LIU Wanyue, LV Peixuan, YANG Yameng, et al. Preparation of Plant Functional Polypeptide and Its Application in Food[J]. Science and Technology of Food Industry, 2021, 42(24): 407−416. (in Chinese with English abstract). doi: 10.13386/j.issn1002-0306.2020110038.
Citation: LIU Wanyue, LV Peixuan, YANG Yameng, et al. Preparation of Plant Functional Polypeptide and Its Application in Food[J]. Science and Technology of Food Industry, 2021, 42(24): 407−416. (in Chinese with English abstract). doi: 10.13386/j.issn1002-0306.2020110038.
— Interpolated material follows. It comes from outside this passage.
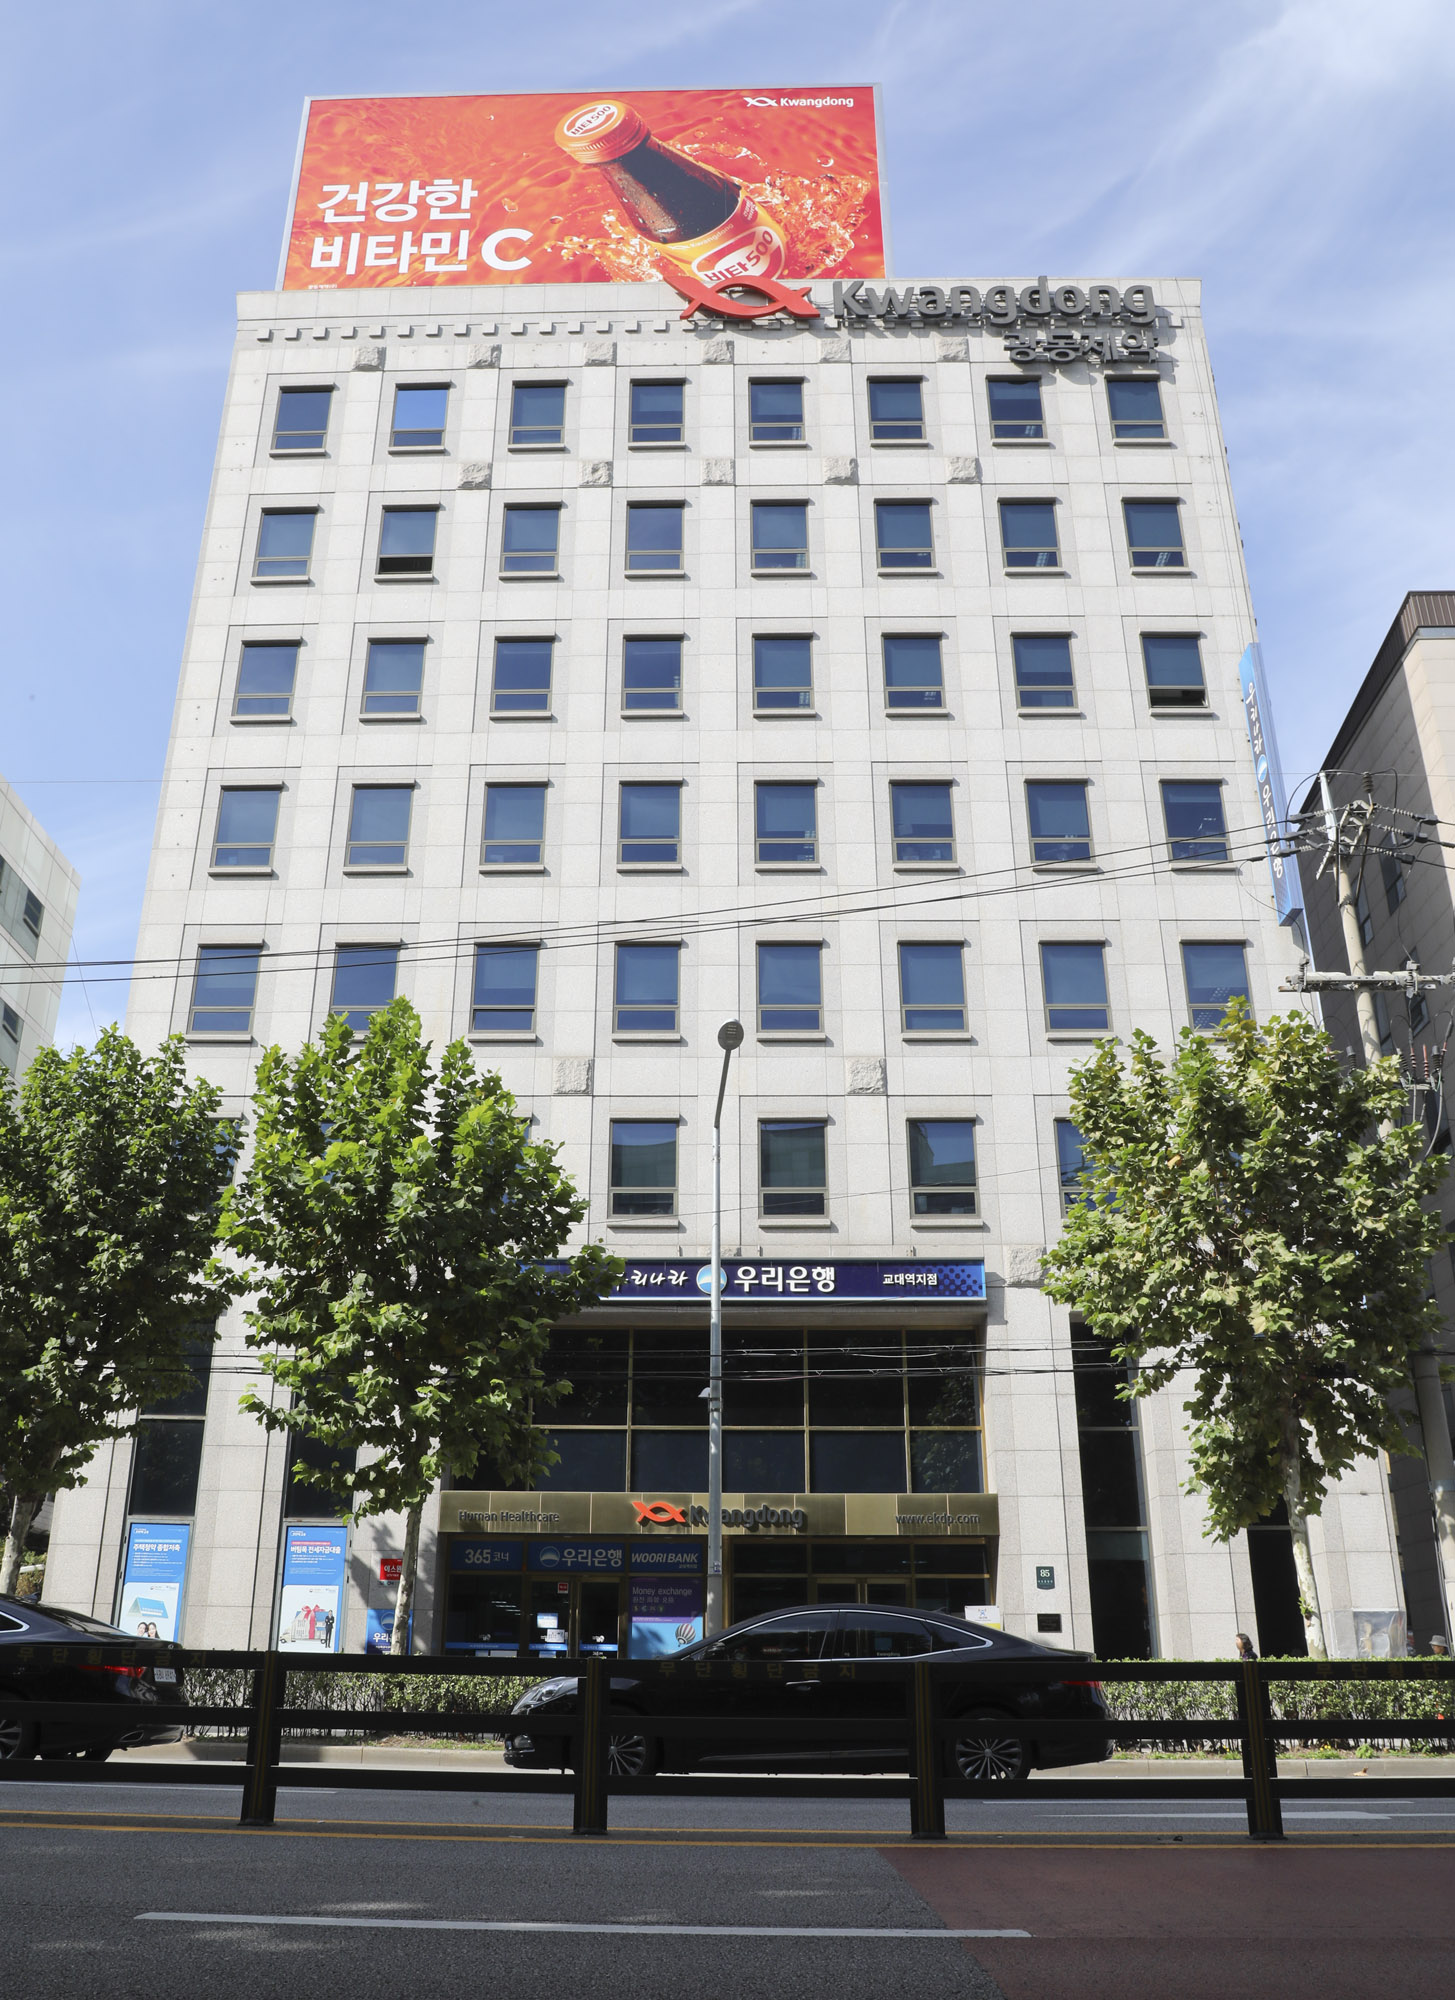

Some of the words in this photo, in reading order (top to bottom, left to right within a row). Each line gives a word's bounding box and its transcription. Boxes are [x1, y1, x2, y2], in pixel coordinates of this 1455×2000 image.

Preparation of Plant Functional Polypeptide and Its Application in Food

  • Plant functional polypeptides are peptide chain fragments formed by processing plant-derived proteins. They have unique physiological functions and high nutritional value and are widely used in food. Plant functional polypeptides have made significant progress in preparation, isolation, application and industrialization. The preparation techniques of plant polypeptides include acid-base hydrolysis, enzymatic hydrolysis, and microbial fermentation. Among them, pretreatment of plant protein before enzymatic hydrolysis can improve plant functional polypeptides. Targeted enzymatic hydrolysis can reduce or eliminate the production of bitter peptides, and solve the problem of polypeptide food applications. Different enzymatic hydrolysis conditions can obtain different types of plant functional polypeptides, which have nutrition, taste, emulsification and other functions, and can be used to improve food product quality and function. The status and prospects of the plant functional peptide industry are also analyzed and discussed.